Cancer reveals our flaws in three major ways. One is that the different parts of the NHS do not work together smoothly. It is not easy to push urgent cases from, say, ear and throat specialists to oncologists to surgery and back. Some date this to the Health and Social Care Act in 2012, a well-meaning attempt to improve health services by introducing competition. “This turned everyone against each other,” says Sullivan. “Competition and choice do not work for cancer: you need highly integrated systems, with someone commanding from the top and pushing things through.”

A second factor is lengthy waiting times, which explains a large part of the gap between Britain and other countries. Cancer is progressive – a mere four-week delay, on average, causes the risk of death to rise by 10%. In Britain people are diagnosed so late for pancreatic cancer that seven in 10 receive no treatment at all. Just 65% of brain tumours are caught in time for surgery or chemotherapy. We now meet targets for diagnosis – but only because we have softened them. The “two-week wait”, for example, has gone.

But worse still than our diagnosis delays is the wait to start treatment, when people know they have cancer.

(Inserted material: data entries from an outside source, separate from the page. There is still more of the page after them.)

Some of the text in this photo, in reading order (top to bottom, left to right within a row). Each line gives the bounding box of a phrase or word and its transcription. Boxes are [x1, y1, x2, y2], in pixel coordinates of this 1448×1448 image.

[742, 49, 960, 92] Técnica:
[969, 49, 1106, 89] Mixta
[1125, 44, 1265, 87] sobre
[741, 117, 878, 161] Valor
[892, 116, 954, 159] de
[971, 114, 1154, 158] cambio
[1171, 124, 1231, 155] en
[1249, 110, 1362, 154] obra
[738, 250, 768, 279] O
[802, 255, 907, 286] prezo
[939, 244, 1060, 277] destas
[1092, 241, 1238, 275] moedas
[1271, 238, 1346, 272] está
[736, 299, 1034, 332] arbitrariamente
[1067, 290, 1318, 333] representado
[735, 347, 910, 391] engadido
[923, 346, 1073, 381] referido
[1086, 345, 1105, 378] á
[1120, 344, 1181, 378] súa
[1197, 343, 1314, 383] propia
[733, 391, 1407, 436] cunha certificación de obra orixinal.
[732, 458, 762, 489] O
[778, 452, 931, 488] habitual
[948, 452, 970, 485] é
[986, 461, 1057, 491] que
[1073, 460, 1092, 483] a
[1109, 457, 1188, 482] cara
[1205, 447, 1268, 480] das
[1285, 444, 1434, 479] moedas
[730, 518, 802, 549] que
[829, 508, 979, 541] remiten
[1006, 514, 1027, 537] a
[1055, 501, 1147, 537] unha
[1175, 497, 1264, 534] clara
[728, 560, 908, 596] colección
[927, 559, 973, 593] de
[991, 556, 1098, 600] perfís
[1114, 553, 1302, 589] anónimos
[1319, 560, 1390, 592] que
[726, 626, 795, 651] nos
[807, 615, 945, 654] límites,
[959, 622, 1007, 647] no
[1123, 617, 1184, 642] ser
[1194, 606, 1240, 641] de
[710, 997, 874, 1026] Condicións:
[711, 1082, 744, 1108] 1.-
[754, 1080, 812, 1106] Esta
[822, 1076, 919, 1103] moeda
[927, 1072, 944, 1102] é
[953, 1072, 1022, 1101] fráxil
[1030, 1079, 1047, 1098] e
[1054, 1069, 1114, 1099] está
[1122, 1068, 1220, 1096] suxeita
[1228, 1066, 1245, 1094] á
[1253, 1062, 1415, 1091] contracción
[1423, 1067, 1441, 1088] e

The NHS has a “62-day target” for this (the countdown starts from the referral), but we haven’t met it since 2015. In June about 11% of people were waiting for more than 100 days to begin treating their cancer. “We have a very poor performance against waiting time targets due to high pressure on the services in general,” says Jon Shelton at Cancer Research UK.

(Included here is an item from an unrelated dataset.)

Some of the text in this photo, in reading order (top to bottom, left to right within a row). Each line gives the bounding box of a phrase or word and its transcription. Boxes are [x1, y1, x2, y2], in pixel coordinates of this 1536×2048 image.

The third problem is that Britain is an uneven mosaic when it comes to cancer care. This is linked closely with social deprivation – death rates are almost 60% higher in the most deprived areas. People who cannot afford to take time off to go to clinics, or who live in rural areas with little transport, suffer most.

No rapid technological fix will work here – big reforms are needed. The good news is that we have managed this for some cancers. Britain is much better at treating cancer in younger people, as such cases are pushed through aggressively, whereas older people with multiple health problems can get lost in the system. Breast cancer, which absorbs much of our funding, is also well treated in the UK.

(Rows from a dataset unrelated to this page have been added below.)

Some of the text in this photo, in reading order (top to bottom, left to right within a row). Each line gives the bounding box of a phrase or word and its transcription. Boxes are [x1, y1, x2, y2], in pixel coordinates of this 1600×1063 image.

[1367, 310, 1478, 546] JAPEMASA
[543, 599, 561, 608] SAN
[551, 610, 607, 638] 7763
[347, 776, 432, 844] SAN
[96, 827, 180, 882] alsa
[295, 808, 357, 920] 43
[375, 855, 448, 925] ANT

We should spend more on cancer, and are behind the EU average. But for real change we might try copying Denmark, where cancer survival looked similar to the UK in 1995, but has dramatically improved. The one-year survival of lung cancer, for example, doubled in 25 years. Their secret? Denmark has large, centralised cancer services, which can coordinate care, fast-tracking patients and bringing them in from rural areas. If we want to keep up with the revolution, we should try the Danish model.